Лейтенант коротко кивнул.
Каменев обернулся к автоматчикам, вгляделся в их лица, прищурился.
— На всякий случай, — сказал он тяжелым и жестким голосом. — То, что было сейчас в комнате. Вы ничего не видели и не слышали. Понятно?
— Так точно, товарищ полковник! — хором ответили оба. Каменев хмуро кивнул.
— Садитесь, — сказал он мне, махнув рукой в сторону уазика.
Я сел на пассажирское кресло, пристегнулся. Каменев втиснулся грузным телом в машину, плюхнулся на сиденье, захлопнул дверцу и повернул ключ зажигания.
Он не смотрел в мою сторону и ничего не говорил.
Мы молча тронулись и начали выруливать с площади к проспекту.
За окном снова проносились заколоченные фанерой окна, разбитые фонари, заросшие дворы с ржавыми детскими площадками. Машину трясло на покореженном асфальте.
— Знаете, что в Москве творится? — спросил Каменев, не глядя на меня.
— Когда я уезжал, там было тревожно.
— Сейчас всё хуже, — сказал он и повернул ручку радиоприемника.
Сквозь шипение радиопомех звучал приглушенно-трескучий голос.
— Состоялся телефонный разговор Бориса Ельцина и Билла Клинтона, который продолжался 17 минут. Президент США полностью поддержал заявление своего российского коллеги…
Голос утонул в помехах и замолчал. Каменев, не отрывая взгляд от дороги, вновь повернул ручку. Ничего — только хрип и шипение.
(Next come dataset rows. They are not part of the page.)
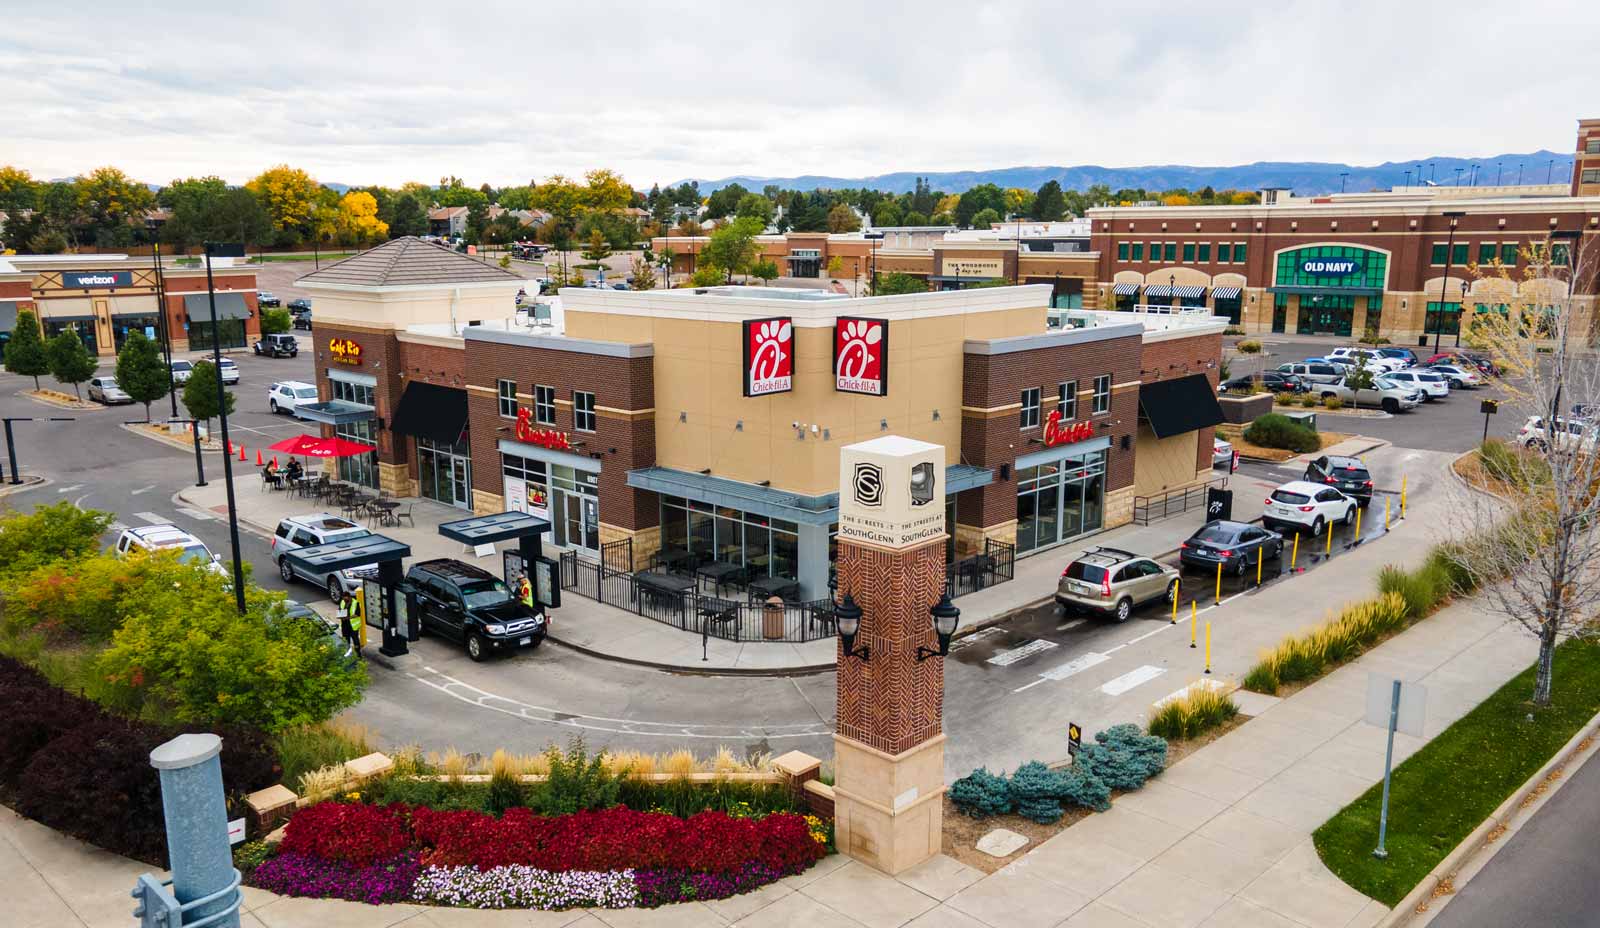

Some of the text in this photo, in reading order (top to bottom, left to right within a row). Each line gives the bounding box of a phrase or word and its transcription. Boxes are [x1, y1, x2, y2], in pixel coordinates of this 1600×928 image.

[1304, 262, 1354, 272] OLD NAVY
[77, 275, 115, 285] verizon
[752, 379, 789, 393] Chick-fil-A
[838, 378, 877, 392] Chick-fil-A
[843, 515, 855, 523] THE
[902, 522, 912, 530] THE
[913, 517, 935, 527] STREETS
Наконец удалось нащупать другой голос, слабый и женский.
— Министр внешних экономических связей России Сергей Глазьев подал в отставку в знак протеста против указа президента. Глазьев оказался единственным членом кабинета министров, выразившим несогласие с действиями Бориса Ельцина…
Снова помехи.
— В блокированном Белом доме продолжается внеочередная экстренная сессия Верховного Совета во главе с Русланом Хасбулатовым. По словам очевидцев, на подходе к зданию парламента замечены вооруженные люди…
Голос опять замолчал.
Каменев опять покрутил ручку, и вдруг послышался уже знакомый звонкий голос, который я слышал, когда мы с Капитаном ехали в город. Голос Старика из «Прорыва».
— …этот эфир, приходи на железнодорожную станцию. Нам стоит поговорить и узнать…
Полковник выключил радио.
— Слушайте, — спросил я после недолгой паузы. — А куда мы едем?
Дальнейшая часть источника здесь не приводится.